Finding divergence/convergence by direct comparison test

[OnceKnown]

Homework Statement

\sum^{∞}_{1}1/n^{n}

Homework Equations

Direct comparison test

The Attempt at a Solution

Since the main factor in the equation is the exponent that would be changing as n goes to infinity, I know that from the p series as p > 1 the the series converges. So I know that I would be comparing the original equation to

\sum^{∞}_{1}1/n^{2}

And I know that I need to show:

0 \leq \sum^{∞}_{1}1/n^{n} \leq \sum^{∞}_{1}1/n^{2}

but I don't know how to show

\sum^{∞}_{1}1/n^{n} \leq \sum^{∞}_{1}1/n^{2}

mathematically.
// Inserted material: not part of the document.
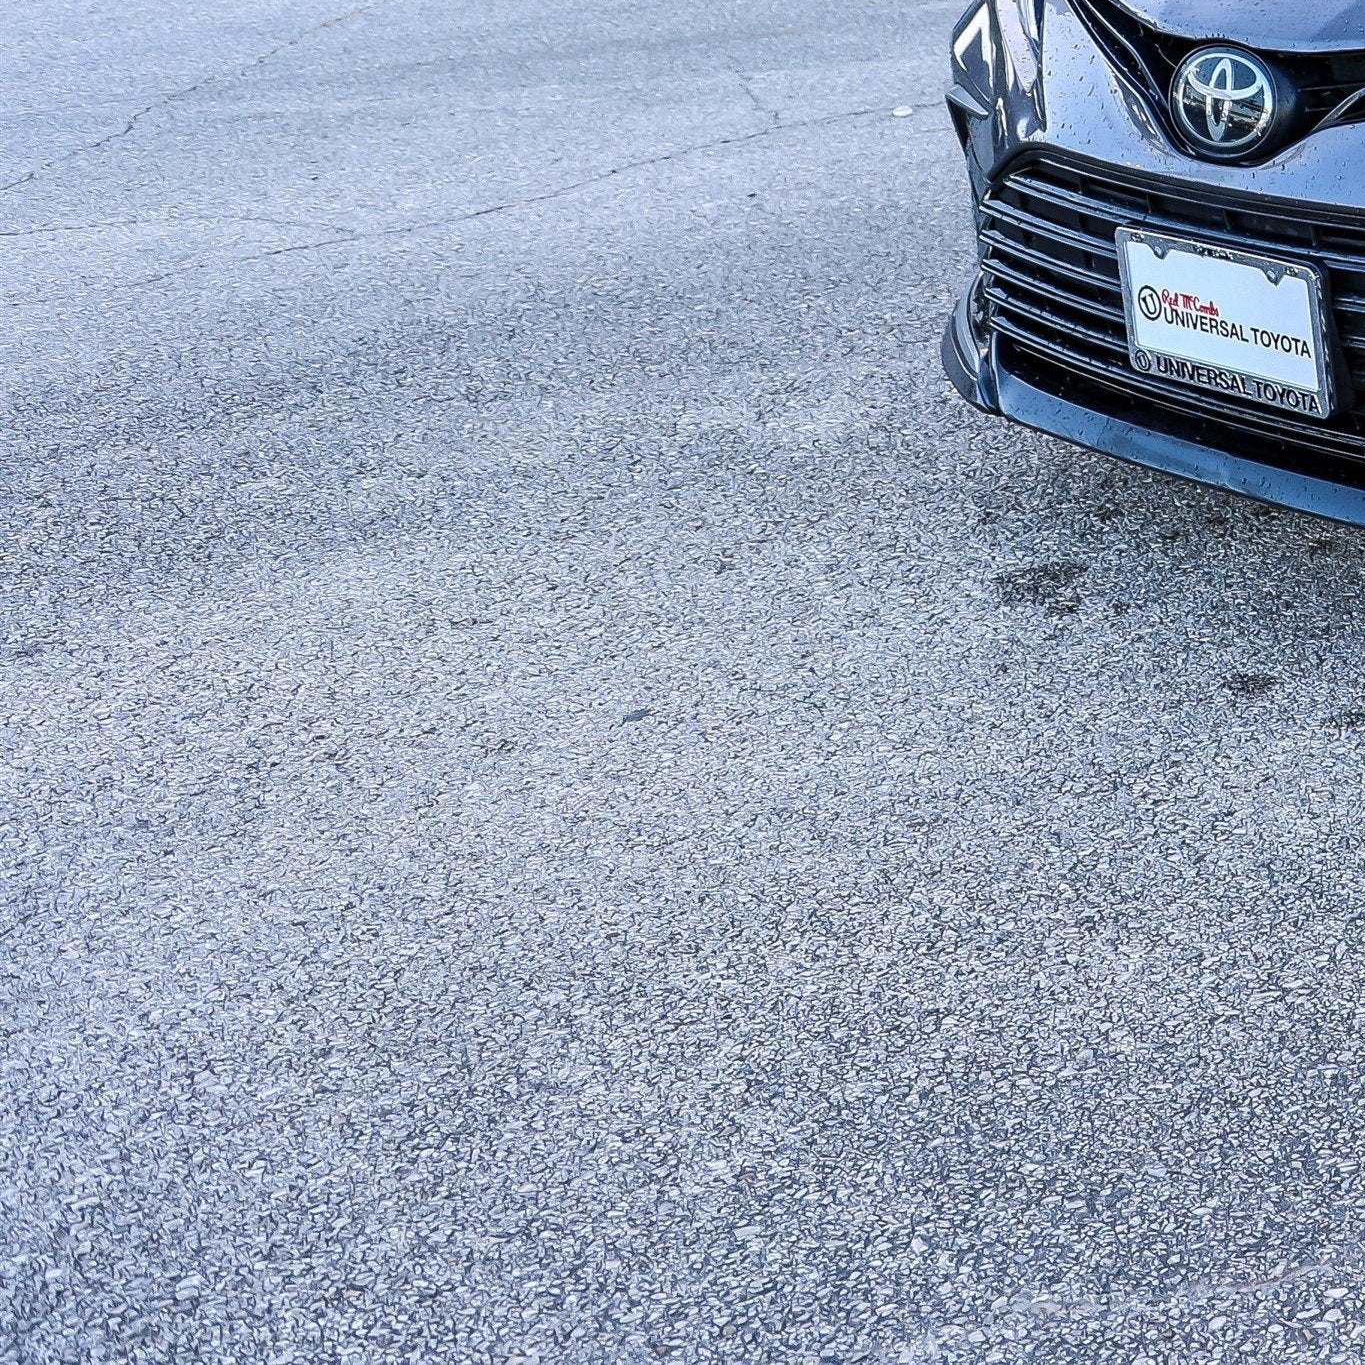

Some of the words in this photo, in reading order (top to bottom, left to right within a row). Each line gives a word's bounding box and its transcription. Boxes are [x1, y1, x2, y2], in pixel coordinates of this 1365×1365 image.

Would I just blatantly say that the original term is smaller than the p series just by looking at it?

 

[fzero]

And I know that I need to show:

0 \leq \sum^{∞}_{1}1/n^{n} \leq \sum^{∞}_{1}1/n^{2}

The comparison test requires you to show that

\left| \frac{1}{n^n} \right| \leq \left| \frac{1}{n^2} \right|

for sufficiently large n. Try to find nice factors that you can multiply both sides of the equation to compare something to 1.